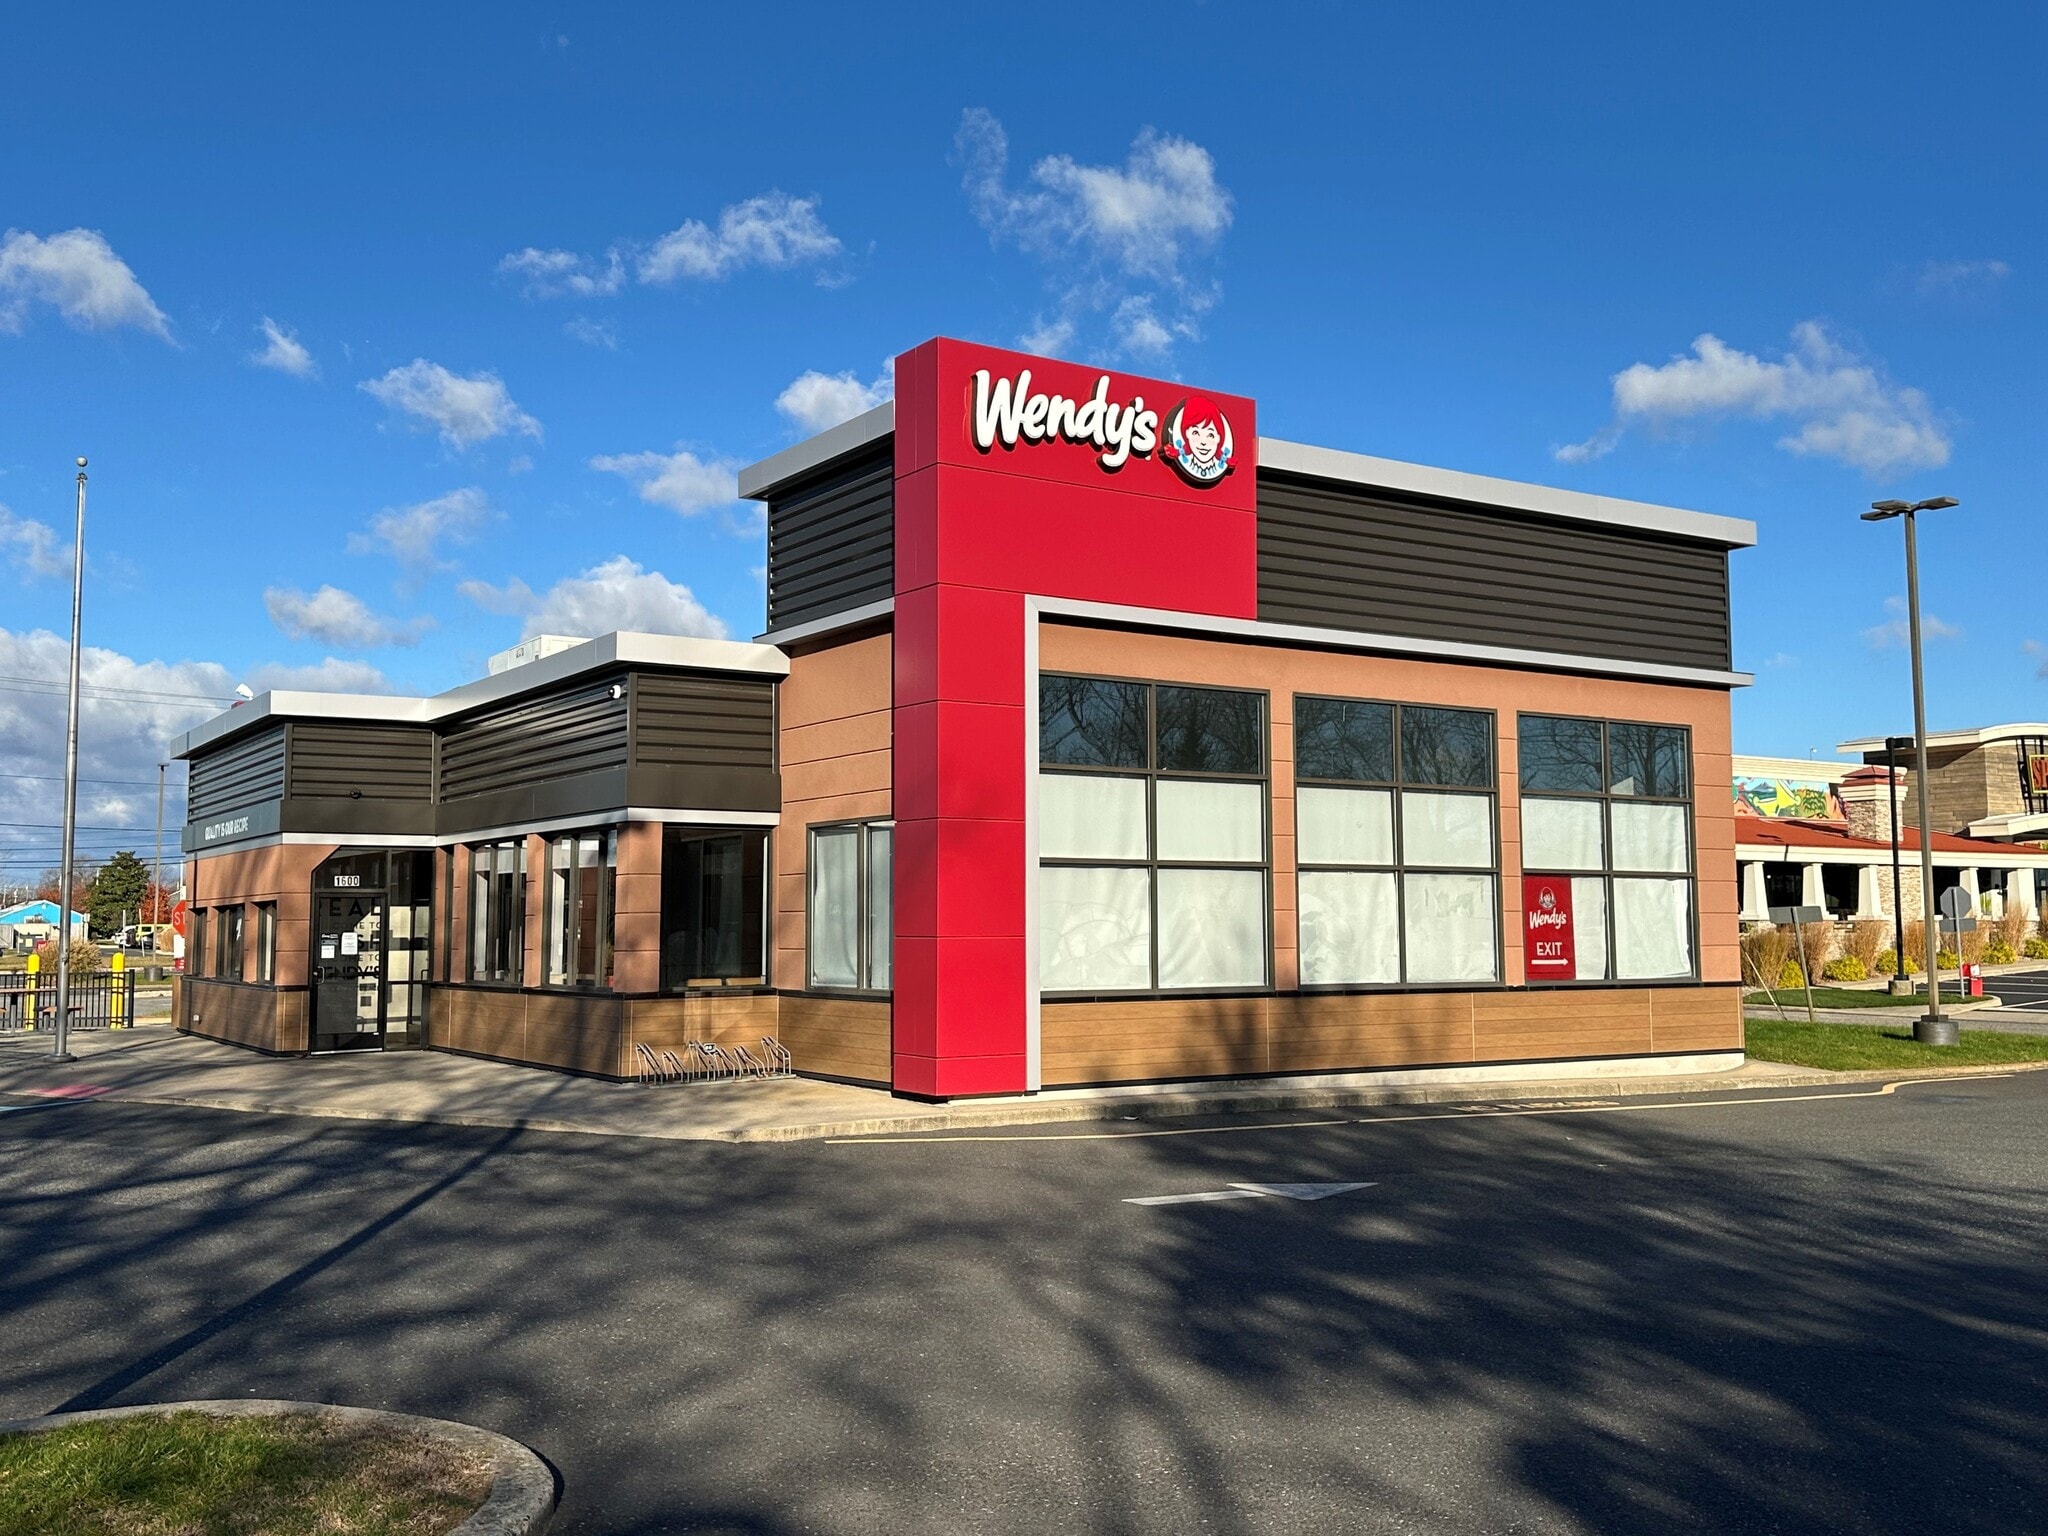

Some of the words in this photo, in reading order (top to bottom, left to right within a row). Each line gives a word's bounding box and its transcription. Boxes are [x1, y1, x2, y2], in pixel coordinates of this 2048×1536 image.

[974, 369, 1159, 468] Wendy's
[336, 876, 359, 886] 1600
[320, 897, 380, 917] EAL
[1529, 908, 1567, 929] Wendy's
[1536, 942, 1562, 956] EXIT
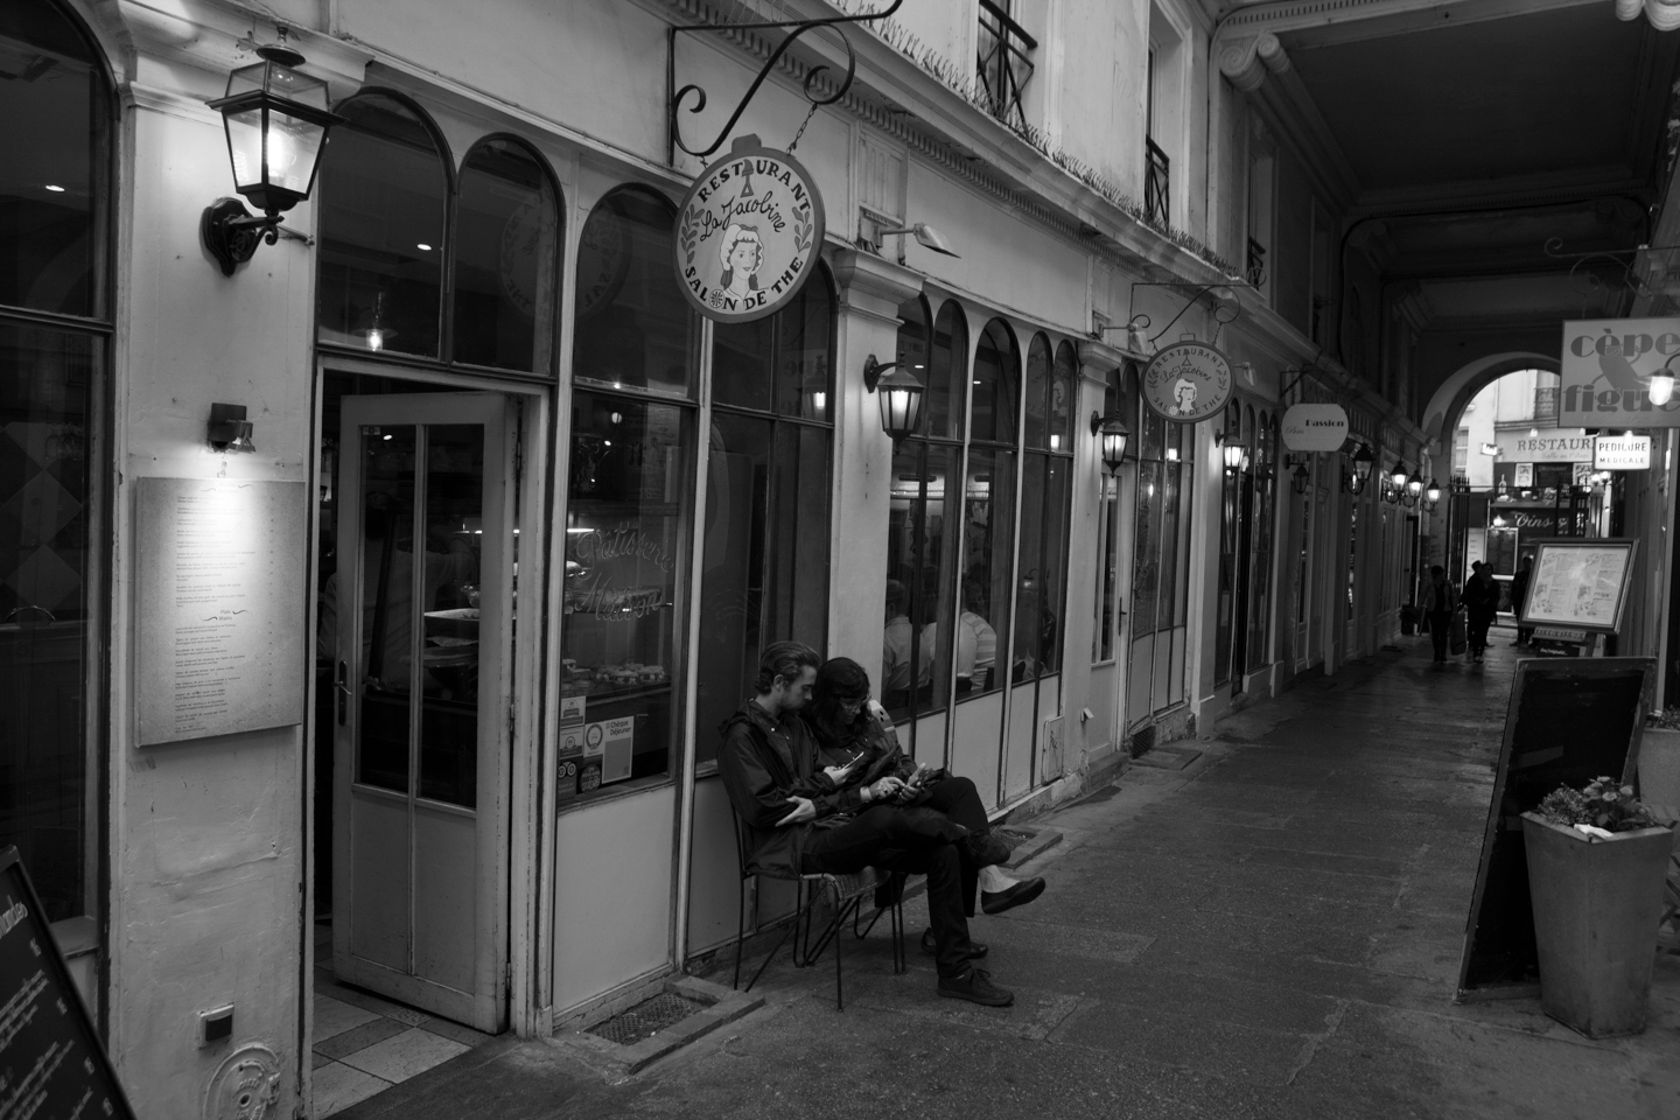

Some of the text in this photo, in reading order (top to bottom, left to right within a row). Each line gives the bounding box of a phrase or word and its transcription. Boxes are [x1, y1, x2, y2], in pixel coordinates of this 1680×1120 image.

[698, 159, 811, 212] RESTAURANT
[700, 190, 786, 242] La Jacobine
[686, 256, 804, 311] SALON DE THE
[1155, 348, 1224, 368] RESTAURANT
[1571, 328, 1680, 358] cèpe
[1517, 438, 1593, 451] RESTAUR

****

Since the listing holds pictures, return everything else in it exactly and omit those.

» **FINAL ANSWER**:
Some of the words in this photo, in reading order (top to bottom, left to right within a row). Each line gives a word's bounding box and its transcription. Boxes are [x1, y1, x2, y2], in pixel coordinates of this 2048×1536 image.

[974, 369, 1159, 468] Wendy's
[336, 876, 359, 886] 1600
[320, 897, 380, 917] EAL
[1529, 908, 1567, 929] Wendy's
[1536, 942, 1562, 956] EXIT

Some of the text in this photo, in reading order (top to bottom, left to right within a row). Each line gives the bounding box of a phrase or word and its transcription. Boxes are [x1, y1, x2, y2], in pixel coordinates of this 1680×1120 image.

[698, 159, 811, 212] RESTAURANT
[700, 190, 786, 242] La Jacobine
[686, 256, 804, 311] SALON DE THE
[1155, 348, 1224, 368] RESTAURANT
[1571, 328, 1680, 358] cèpe
[1517, 438, 1593, 451] RESTAUR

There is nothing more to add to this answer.